• [WHAT IS NEEDED] All records are to be transcribed in full; any pictures among them are to be skipped.

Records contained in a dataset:
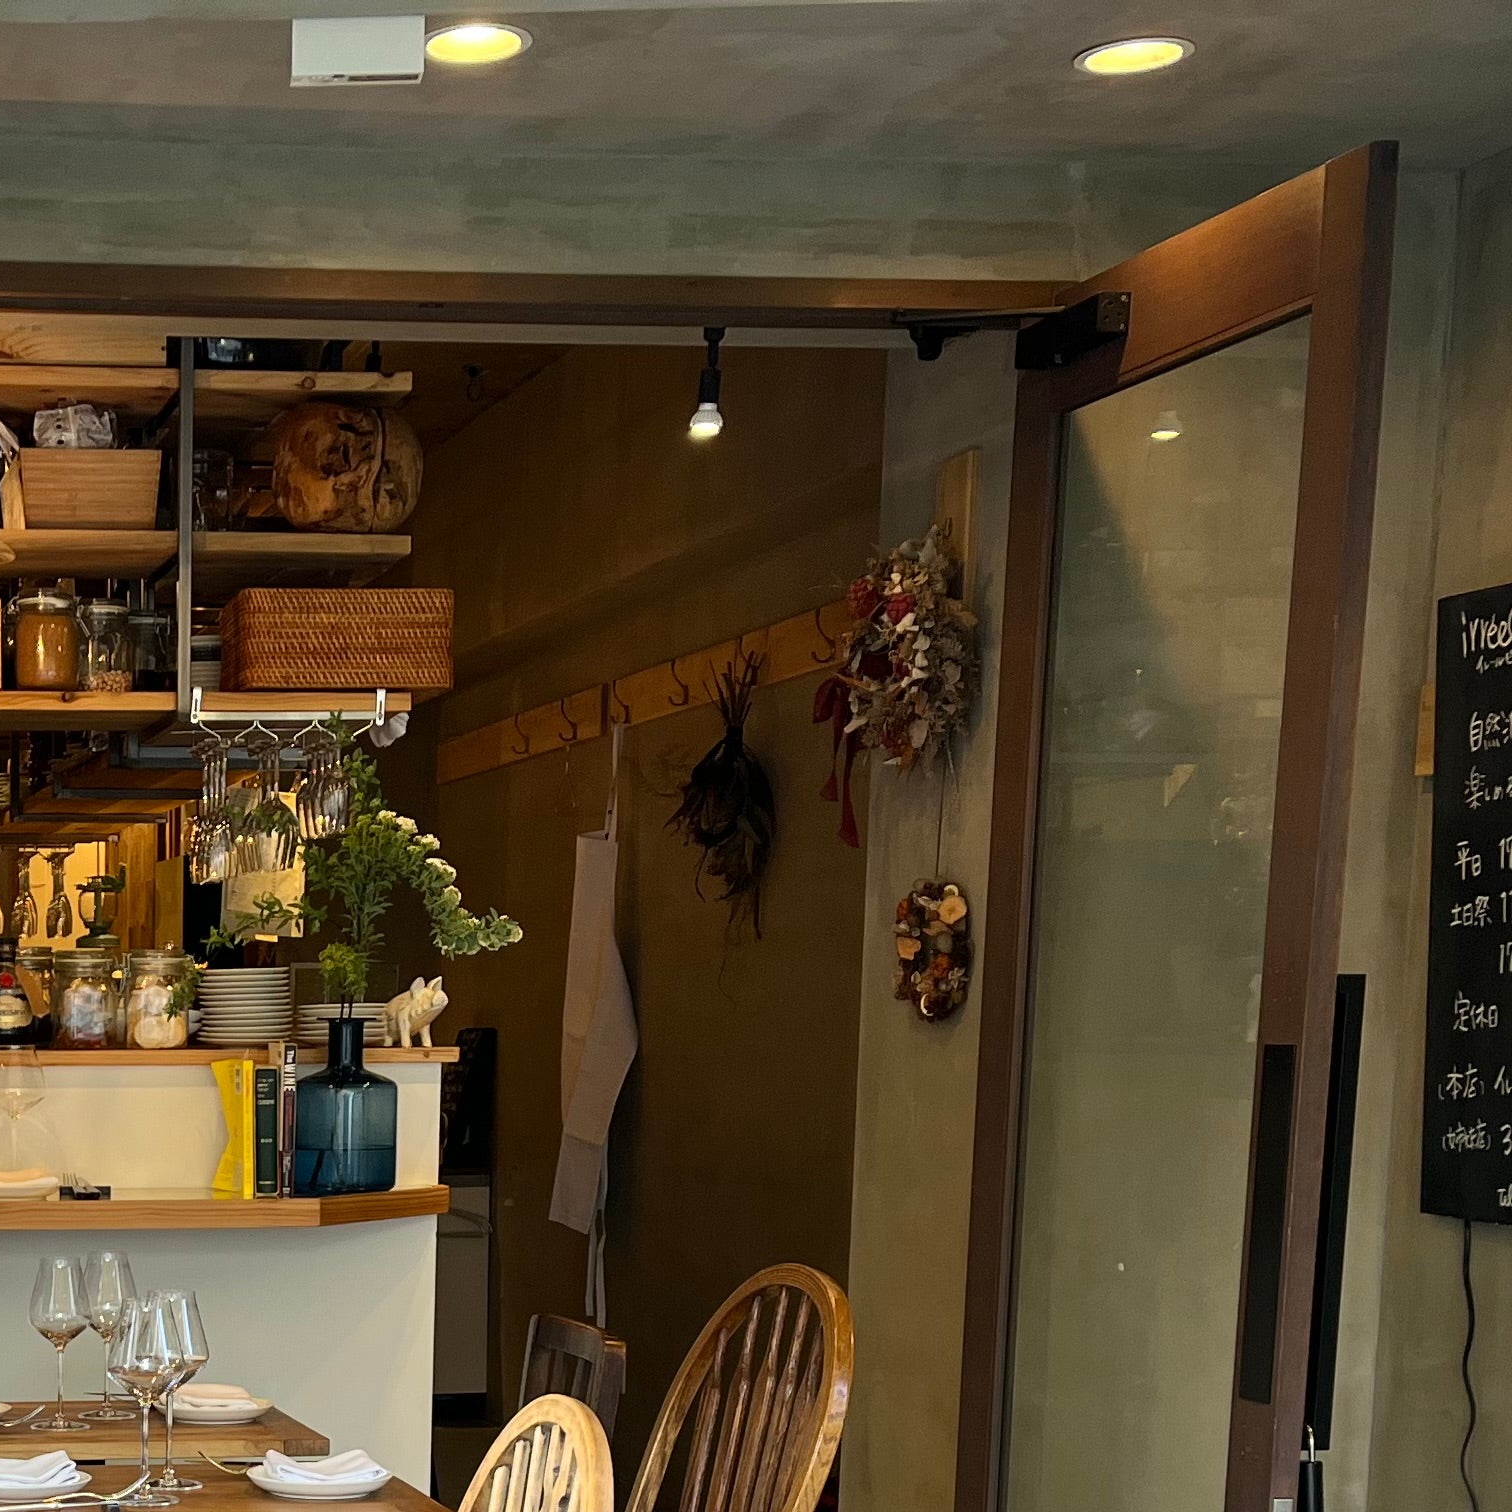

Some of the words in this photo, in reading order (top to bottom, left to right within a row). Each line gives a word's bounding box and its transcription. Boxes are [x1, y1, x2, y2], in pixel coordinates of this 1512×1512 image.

[1454, 840, 1482, 880] 平日
[1450, 896, 1493, 927] 土日祭
[1453, 990, 1498, 1031] 定休日
[284, 1064, 296, 1091] WINE

• [FINISHED EXERCISE]
Some of the words in this photo, in reading order (top to bottom, left to right within a row). Each line gives a word's bounding box and its transcription. Boxes are [x1, y1, x2, y2], in pixel coordinates of this 1512×1512 image.

[1454, 840, 1482, 880] 平日
[1450, 896, 1493, 927] 土日祭
[1453, 990, 1498, 1031] 定休日
[284, 1064, 296, 1091] WINE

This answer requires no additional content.